September, 2006, Sep2006, Vol. 37, Issue 6
by Madeleine J. Nash
...A systematic effort to understand these storms dates to 1898, when President William McKinley directed what was then the U.S. Weather Bureau to expand its rudimentary network for hurricane warnings. The impetus was the outbreak of the Spanish-American War. "I am more afraid of a . . . hurricane than I am of the entire Spanish Navy," McKinley reportedly said. In 1886, a record seven hurricanes hit the U.S. coast; one completely destroyed the thriving port city of Indianola, Texas. The year 1893 was almost as bad; six hurricanes hit the United States. One came ashore near Savannah, Georgia, overwhelming the low-lying Sea Islands off the South Carolina coast; another devastated the island of Cheniere Caminanda off the Louisiana coast. In those two storms alone, 4,500 lives were lost.
Over the next half century, forecasters relying on observations of winds and pressure taken by an expanding network of ship and ground-based weather stations struggled to provide hurricane warnings to vulnerable populations. They often failed. In 1900, a hurricane burst upon the unsuspecting citizens of Galveston, Texas, killing 8,000 to 12,000. In 1938, people stood along Long Island's Westhampton Beach marveling at what they thought was an approaching fog bank, only to realize, too late, that it was the storm-seized ocean heaving up. Twenty-nine people died.

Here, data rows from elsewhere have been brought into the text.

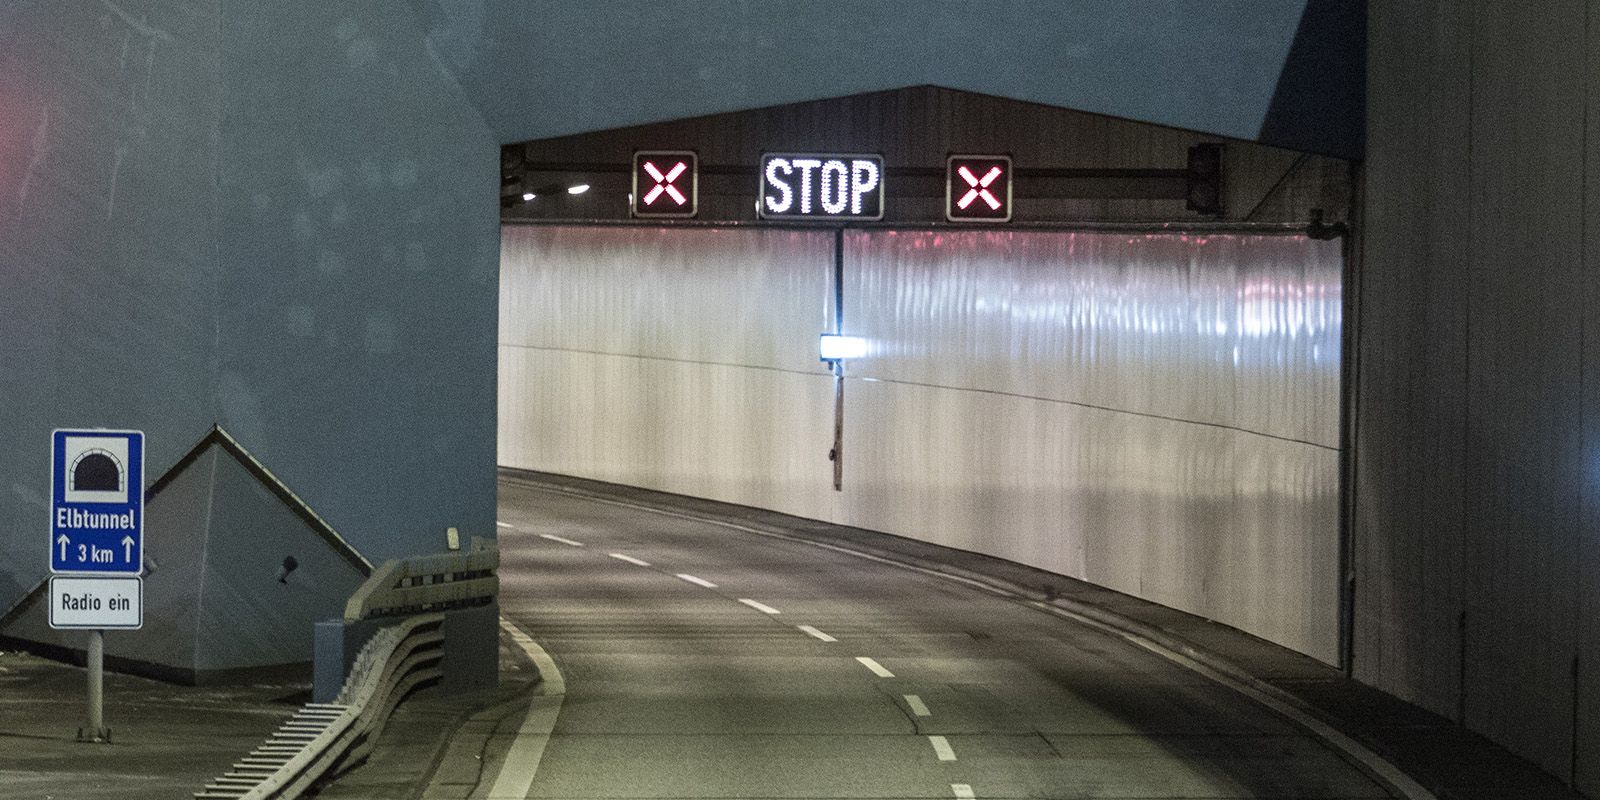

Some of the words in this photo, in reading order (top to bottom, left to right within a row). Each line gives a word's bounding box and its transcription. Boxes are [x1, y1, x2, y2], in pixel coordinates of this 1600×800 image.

[765, 158, 879, 214] STOP
[57, 508, 135, 529] Elbtunnel
[78, 544, 87, 562] 3
[91, 545, 113, 563] km
[62, 593, 101, 610] Radio
[109, 594, 130, 610] ein

World War II propelled hurricane science into the modern era. In July 1943, Army Air Forces pilot Joseph B. Duckworth--on a dare, it is said--flew through the eye of a hurricane as it neared the Texas coast; he did it again a couple of hours later as weather officer First Lt. William Jones-Burdick took measurements at 7,000 feet, inside the storm's eye. In February 1944, the Joint Chiefs of Staff approved the first of a series of hurricane missions by Army and Navy aircraft. Later that year, military planes gave chase to a storm that came to be known as the Great Atlantic Hurricane, following it as it roared up the East Coast, taking aim at New England. All along the storm's path, radio newscasters blared out warnings. Of 390 deaths, all but 46 occurred at sea.

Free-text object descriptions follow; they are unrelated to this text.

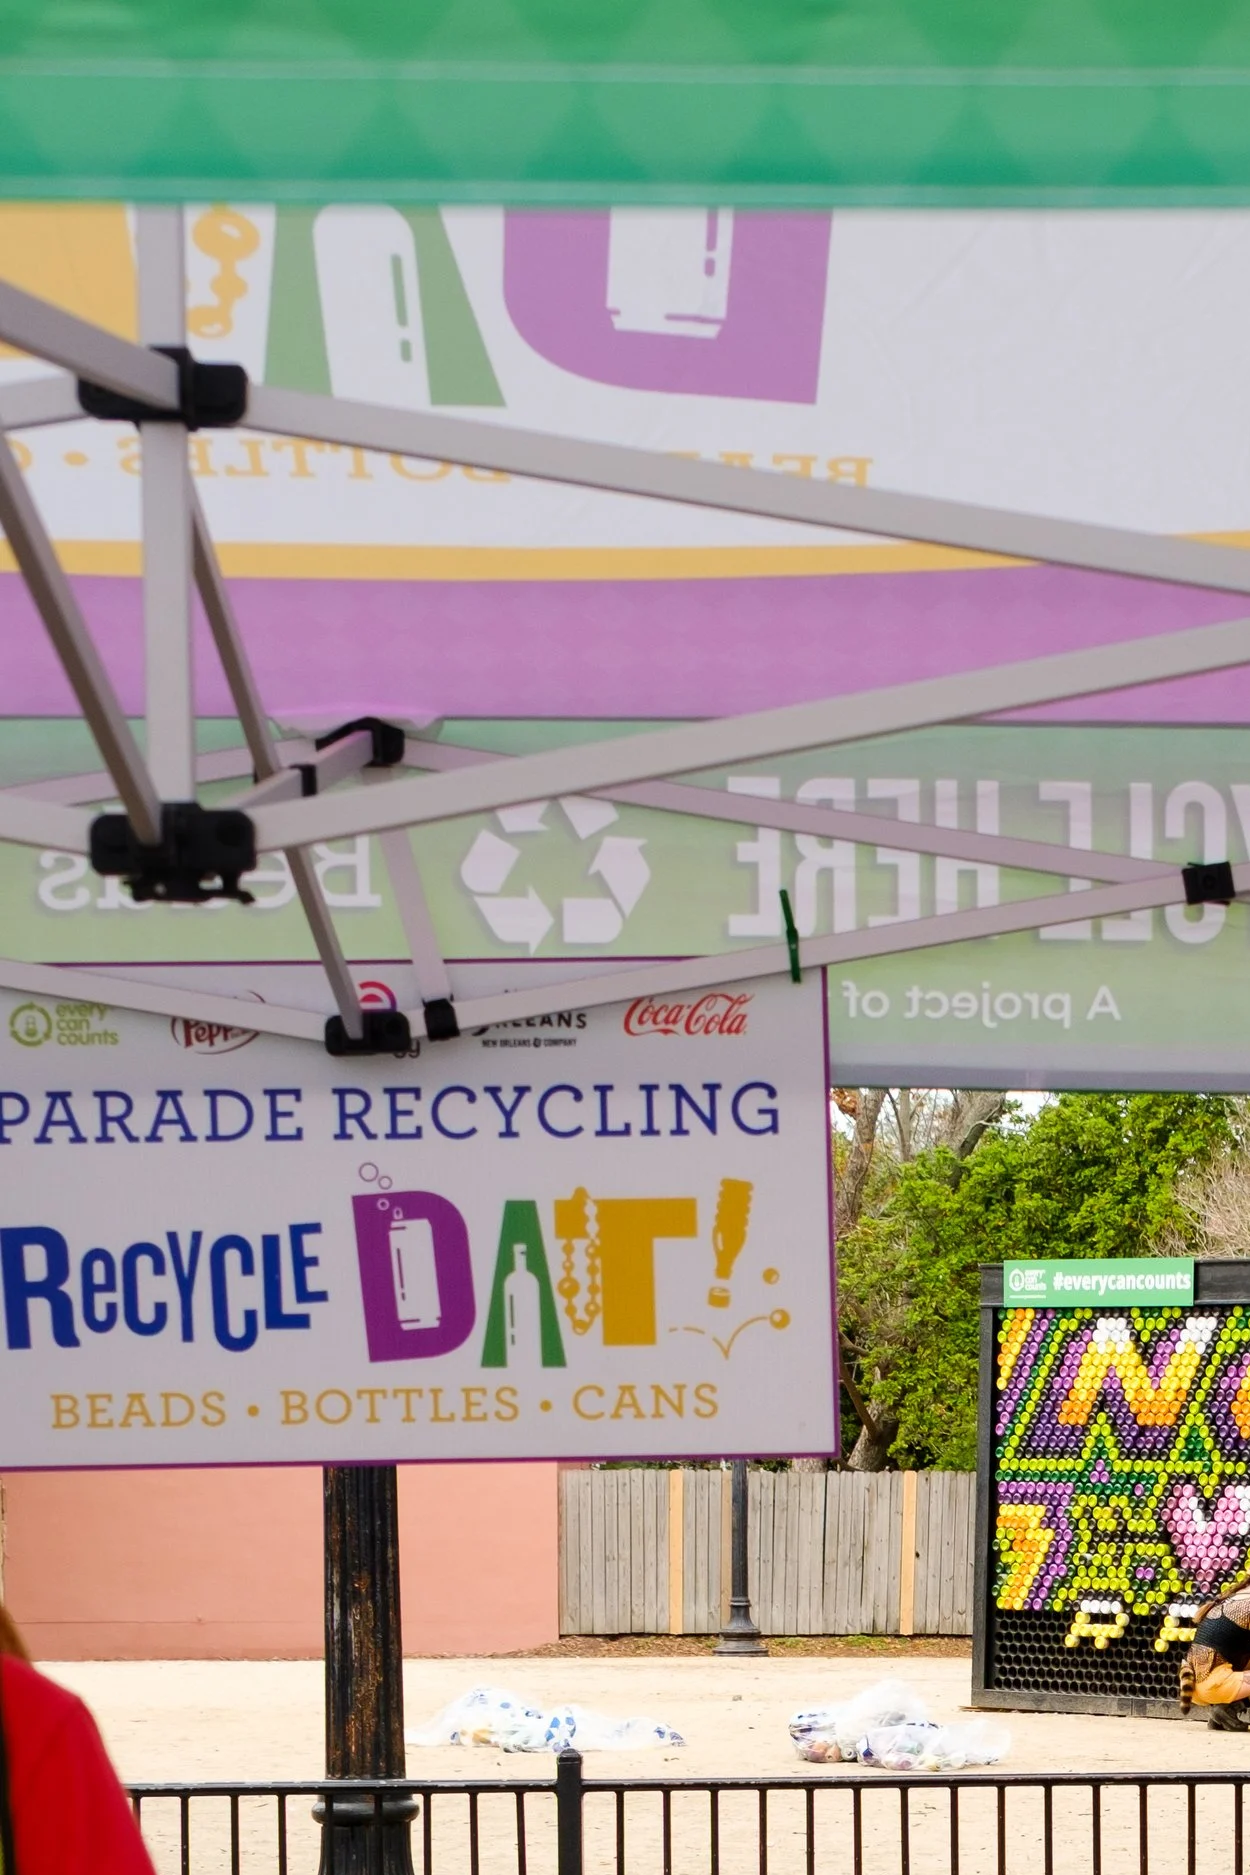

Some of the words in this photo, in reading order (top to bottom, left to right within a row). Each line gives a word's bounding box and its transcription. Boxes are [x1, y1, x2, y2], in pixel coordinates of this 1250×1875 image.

[55, 1002, 107, 1022] every
[623, 994, 755, 1038] Coca-Cola
[56, 1020, 91, 1032] can
[57, 1030, 119, 1047] counts
[543, 1037, 577, 1048] COMPANY
[0, 1088, 303, 1145] PARADE
[332, 1081, 780, 1142] RECYCLING
[1053, 1271, 1191, 1296] #everycancounts
[51, 1393, 227, 1430] BEADS
[280, 1387, 521, 1427] BOTTLES
[572, 1382, 720, 1422] CANS

After the war, the U.S. Weather Bureau--renamed the National Weather Service in 1970--established a formal program of hurricane research. To study these formidable whirlwinds, flights continued to transport scientists through turbulent eye walls and the eerie stillness of the eye itself. In the 1960s, earth-orbiting satellites began providing even higher observational platforms. Since then, forecasters have progressively narrowed "the cone of uncertainty," the teardrop-shaped blob that surrounds their best predictions of where a hurricane is likely to go. At 48 hours, track forecasts are now "off" on average by just 118 miles; at 24 hours, by less than 65 miles, both significant improvements over 15 years ago. Despite these advances, hurricanes undergo sudden surges in power that are easy to spot once they start but dauntingly hard to predict.
LIKE A GIANT BUMBLEBEE, the P-3 Orion buzzes in from Biscayne Bay, dipping a wing as it passes the compact concrete building that houses the National Oceanic and Atmospheric Administration's Miami-based Hurricane Research Division. The plane, a modification of the submarine hunters built in the 1960s for the U.S. Navy, is one of two that fly scientists in and out of some of the planet's mightiest storms, including Hurricane Katrina as its engorged eye neared landfall.
Among those on that flight was research meteorologist Stanley Goldenberg, whose third-floor office looks, appropriately enough, as if a hurricane just blew through it. Goldenberg is well acquainted with hurricanes blowing though. In 1992 Hurricane Andrew demolished his family's rented house in Perrine, Florida. A computer-enhanced satellite image of the hurricane, with its monstrous circular eye wall, now hangs on his wall. "The bagel that ate Miami," he quips.
Hurricanes belong to a broad class of storms known as tropical cyclones, which also occur in the Indian and Pacific oceans. They do not develop spontaneously but grow out of other disturbances. In the Atlantic, most evolve out of "African waves," unstable kinks in the atmosphere that spiral off the West African coast and head toward Central America. Along the way, these atmospheric waves generate ephemeral clusters of thunderstorm-producing clouds that can seed hurricanes.
At the same time, hurricanes are much more than collections of thunderstorms writ large; they stand out amid the general chaos of the atmosphere as coherent, long-lasting structures, with cloud towers that soar up to the stratosphere, ten miles above the earth's surface. The rise of warm, moist air through the chimney-like eye pumps energy into the developing storm.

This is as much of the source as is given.